▸ PROBLEM DESCRIPTION
Every line between the one containing "this 1250×1666 image." and the last line of the data, both included, is to be set down exactly, and pictures are to be omitted.

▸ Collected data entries
------------------------------------------------------------
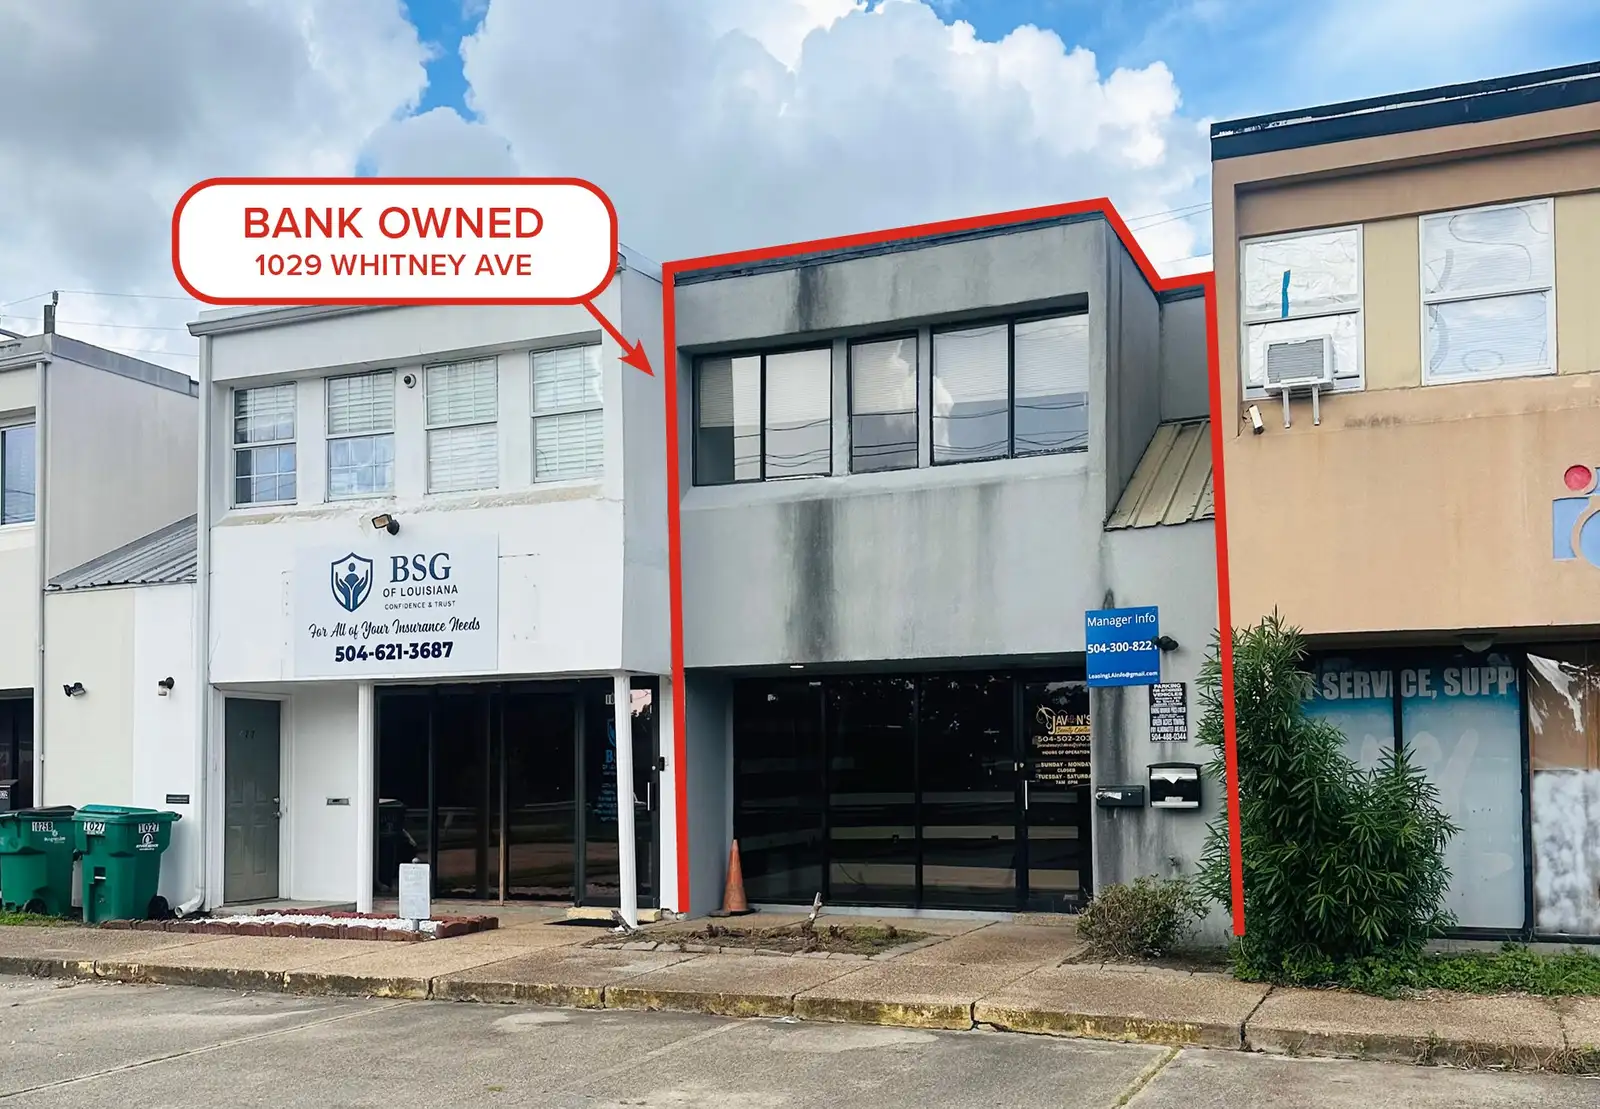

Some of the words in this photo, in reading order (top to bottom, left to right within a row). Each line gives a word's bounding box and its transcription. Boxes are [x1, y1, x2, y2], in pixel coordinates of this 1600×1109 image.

[390, 552, 452, 583] BSG
[383, 587, 397, 598] OF
[401, 584, 459, 597] LOUISIANA
[384, 602, 426, 611] CONFIDENCE
[434, 600, 456, 608] TRUST
[308, 623, 328, 639] For
[330, 621, 347, 638] All
[348, 623, 360, 640] of
[360, 621, 390, 640] Your
[392, 618, 446, 636] Insurance
[448, 616, 481, 632] Needs
[1087, 616, 1132, 628] Manager
[1135, 612, 1156, 624] Info
[334, 641, 454, 663] 504-621-3687
[1444, 667, 1519, 697] SUPP
[84, 822, 105, 832] 1027
[139, 823, 159, 833] 1027
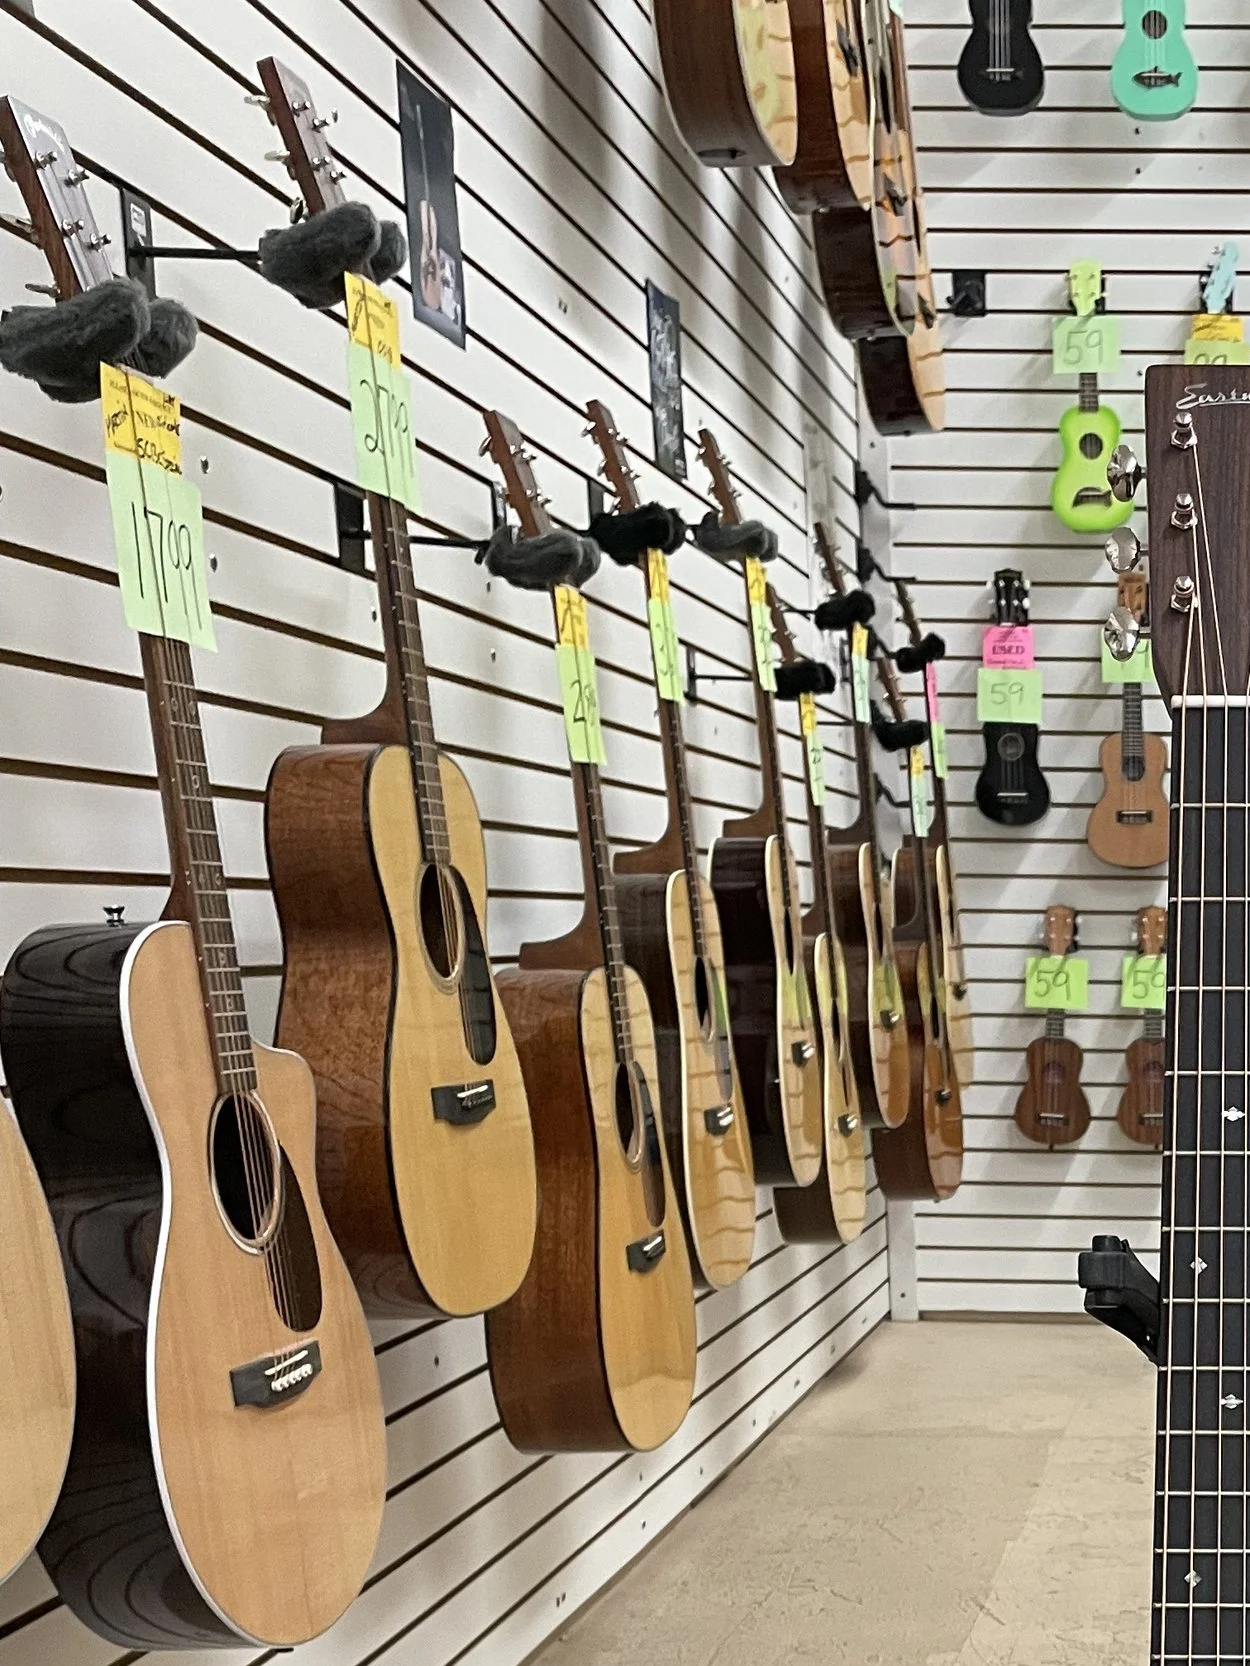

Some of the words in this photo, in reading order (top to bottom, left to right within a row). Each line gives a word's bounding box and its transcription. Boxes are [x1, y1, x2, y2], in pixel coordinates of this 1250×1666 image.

[1063, 329, 1103, 366] 59
[131, 501, 204, 632] 1799
[990, 682, 1025, 705] 59
[1034, 970, 1072, 1001] 59
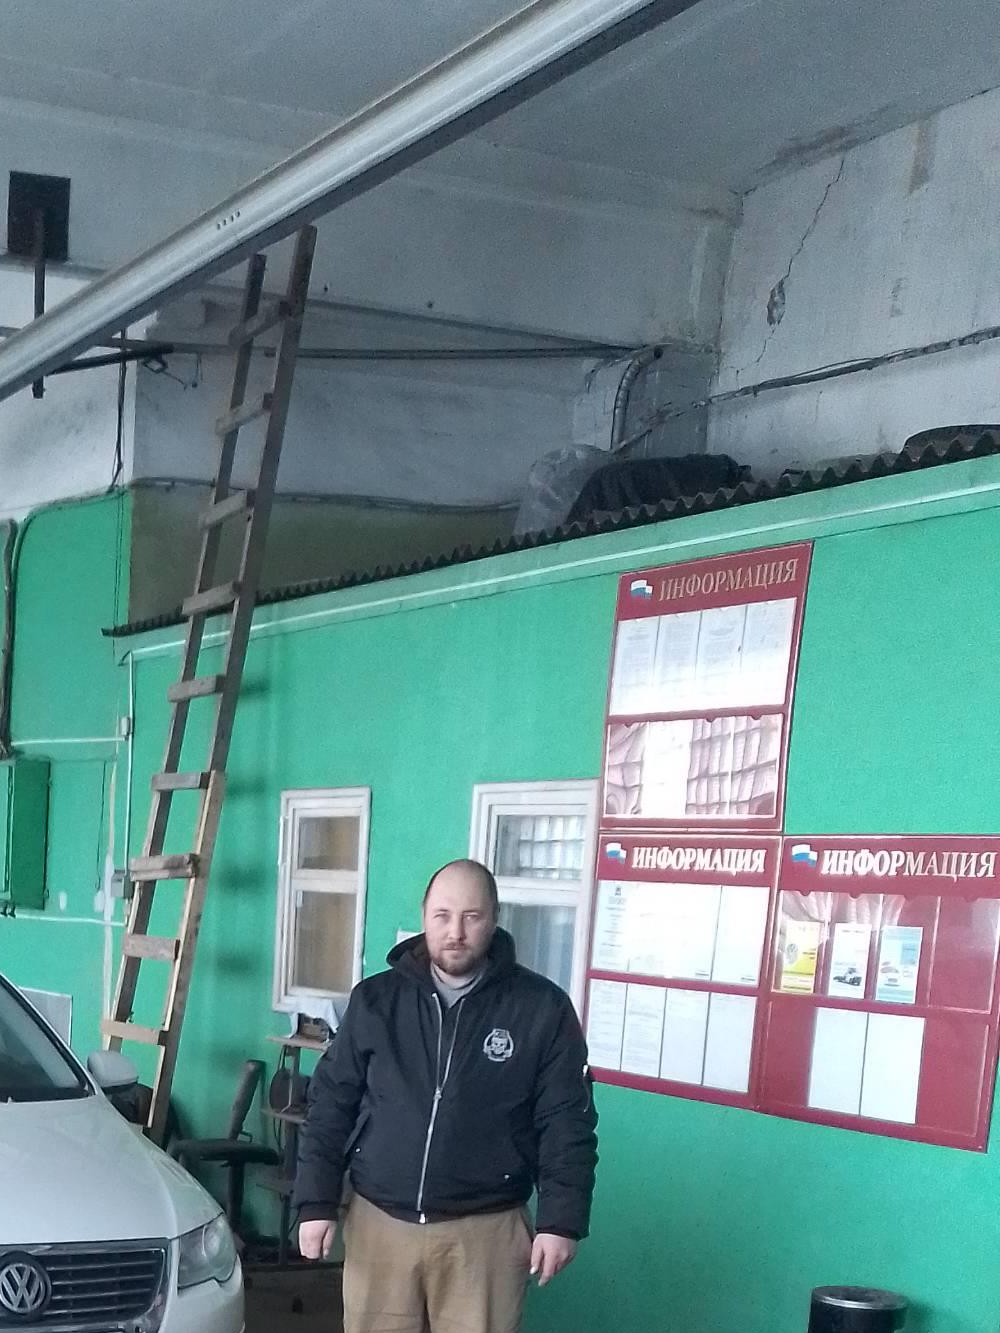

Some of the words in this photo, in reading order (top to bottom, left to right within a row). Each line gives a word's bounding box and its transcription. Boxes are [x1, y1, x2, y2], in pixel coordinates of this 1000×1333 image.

[658, 558, 799, 602] ИНФОРМАЦИЯ
[632, 846, 768, 875] ИНФОРМАЦИЯ
[821, 849, 998, 882] ИНФОРМАЦИЯ
------------------------------------------------------------
▸ RESPONSE TO THIS TASK
Some of the words in this photo, in reading order (top to bottom, left to right within a row). Each line gives a word's bounding box and its transcription. Boxes are [x1, y1, x2, y2], in pixel coordinates of this 1250×1666 image.

[1063, 329, 1103, 366] 59
[131, 501, 204, 632] 1799
[990, 682, 1025, 705] 59
[1034, 970, 1072, 1001] 59

Some of the words in this photo, in reading order (top to bottom, left to right within a row). Each line gives a word's bounding box and its transcription. Boxes are [x1, y1, x2, y2], in pixel coordinates of this 1000×1333 image.

[658, 558, 799, 602] ИНФОРМАЦИЯ
[632, 846, 768, 875] ИНФОРМАЦИЯ
[821, 849, 998, 882] ИНФОРМАЦИЯ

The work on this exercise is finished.